Several celebrities had also endorsed the loan apps for a fee without checking into the credentials and operating practices of these financial products.

Leg-up for Indian media

A number of Indian documentary features have been nominated to the Academy Awards (or Oscars), especially ‘shorts’. Kartiki Gonsalves’ short documentary 'The Elephant Whisperers' won an Oscar in 2024 in the documentary short film category. Shaunak Sen’s 'All That Breathes' was nominated for the 2022 Academy Awards in the documentary feature category, which is a rarity. Awards and nominations only cover a fraction of the great documentary work that is made in India, but they do help provide greater reach.
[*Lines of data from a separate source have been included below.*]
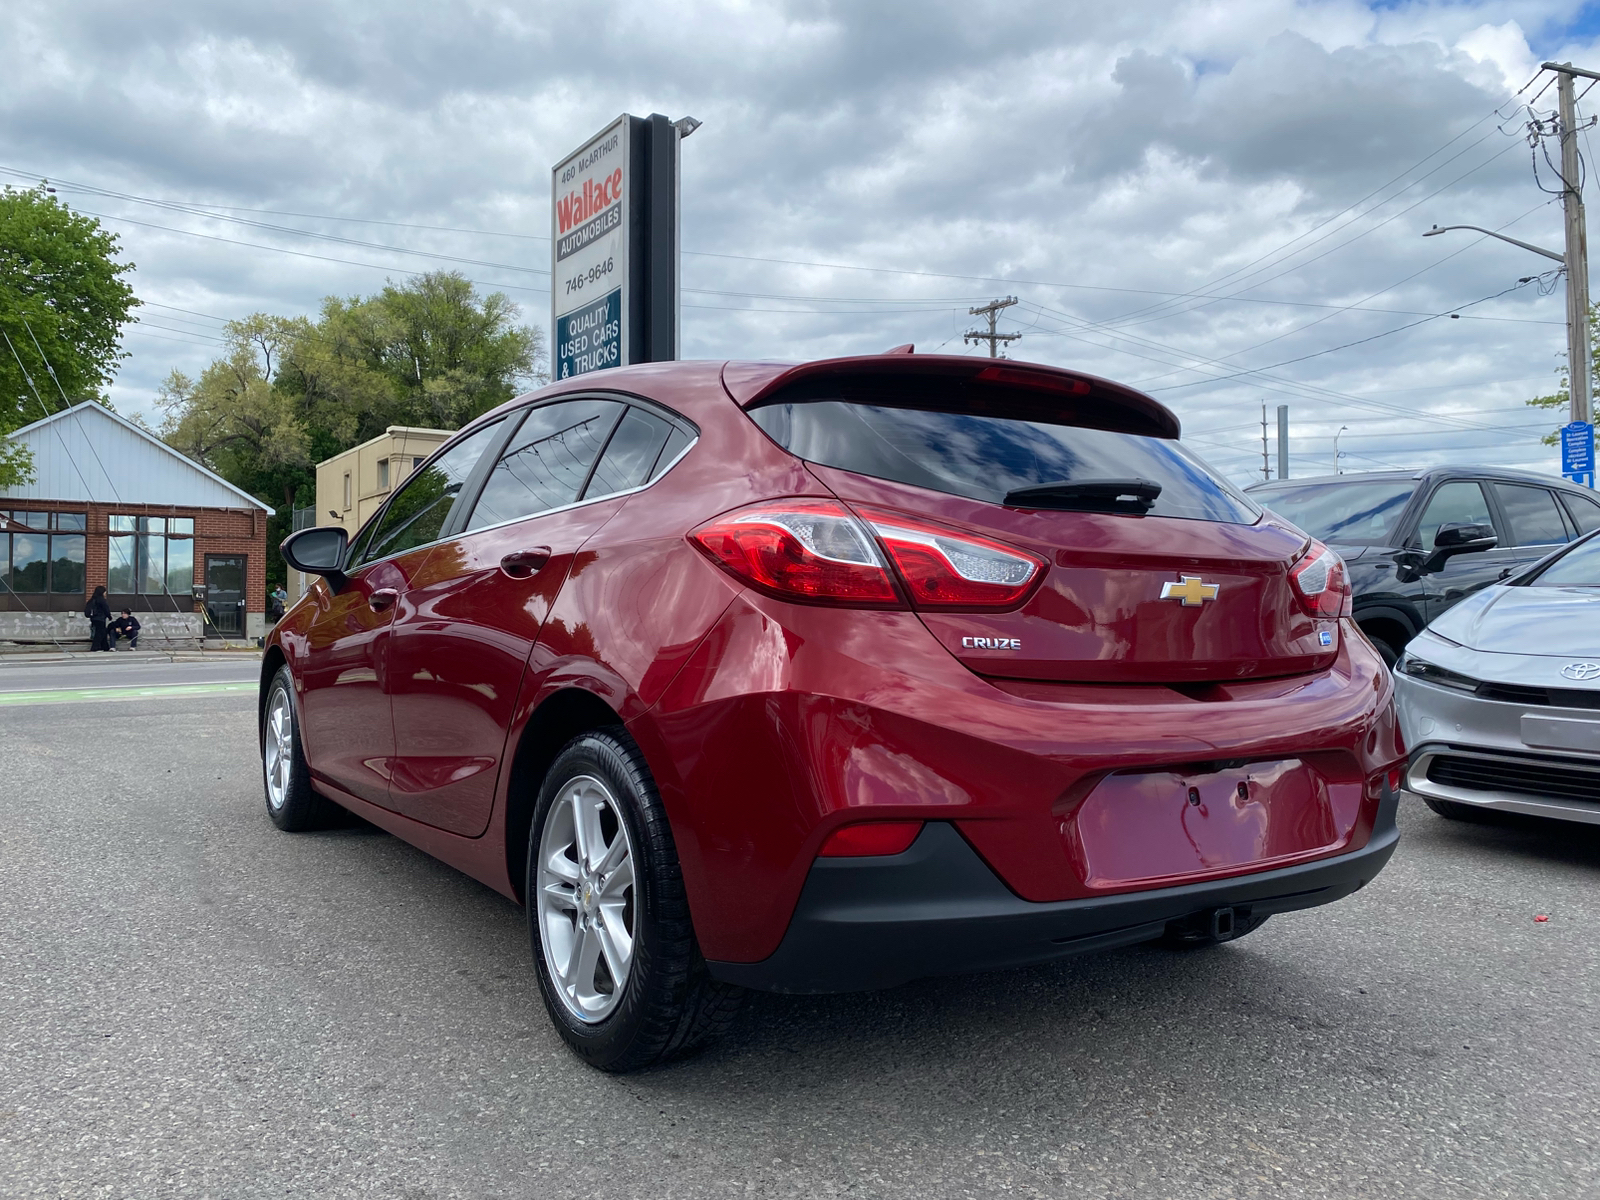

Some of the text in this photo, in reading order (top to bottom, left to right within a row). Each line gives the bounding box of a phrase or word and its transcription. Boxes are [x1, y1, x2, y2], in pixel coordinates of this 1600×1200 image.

[561, 134, 618, 184] 460 McARTHUR
[556, 167, 622, 234] Wallace
[560, 206, 619, 256] AUTOMOBILES
[565, 256, 614, 295] 746-9646
[560, 319, 619, 359] USED CARS
[569, 303, 610, 337] QUALITY
[561, 341, 618, 379] & TRUCKS
[962, 636, 1021, 650] CRUZE
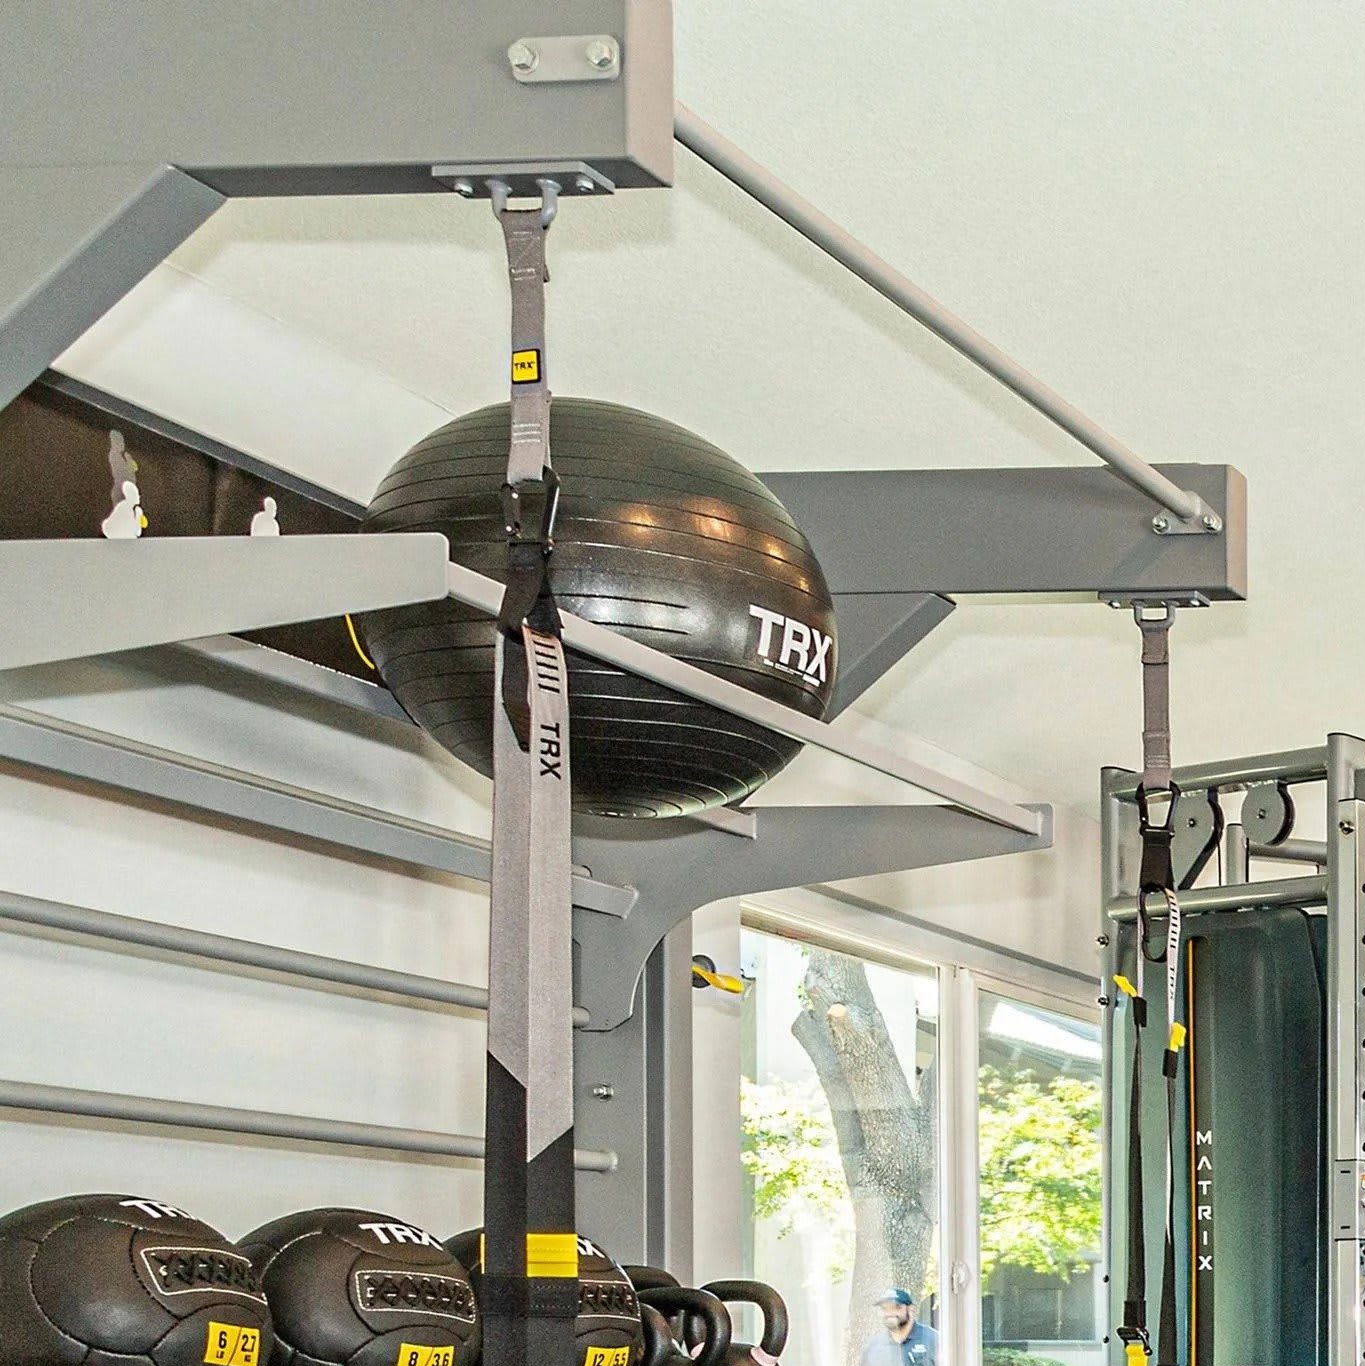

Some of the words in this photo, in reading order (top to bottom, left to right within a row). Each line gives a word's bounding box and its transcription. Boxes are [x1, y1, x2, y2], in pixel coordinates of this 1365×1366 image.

[514, 361, 534, 371] TRX
[749, 604, 832, 683] TRX
[540, 722, 562, 781] TRX
[1196, 1130, 1213, 1271] MATRIX
[358, 1223, 444, 1251] TRX
[218, 1331, 228, 1349] 6
[241, 1334, 256, 1353] 2.7
[408, 1351, 419, 1366] 8
News documentaries are different from features and feature shorts. It is an up and coming format in India that could work well for Indian journalism. Audiences are moving to OTT and social-media platforms for content and the relevance of television and newspapers is dwindling with slashed budgets.

The appetite for longform visual content is growing and traditional media houses are moving to making news documentaries. India Today and ABP have both made verticals for documentary production. (Network18, of which Moneycontrol is a part, competes with both media houses in some categories.)

BBC World Service started its India Eye unit after some success with its ‘Africa Eye’. As yet, their focus seems to be on crime investigations where there is a huge gap in India. What works for The Trap is the great research that seems to have gone into the film. Such films require huge investments, but the reward is the huge viewership by Indian audiences, which are left wanting for investigative stories.

Moneycontrol is a part of the Network18 group. Network18 is controlled by Independent Media Trust, of which Reliance Industries is the sole beneficiary.

Ushinor Majumdar is an investigative reporter and author of two non-fiction books: India’s Secret War (Penguin India, 2023) and God of Sin (Penguin India, 2018). Views expressed are personal.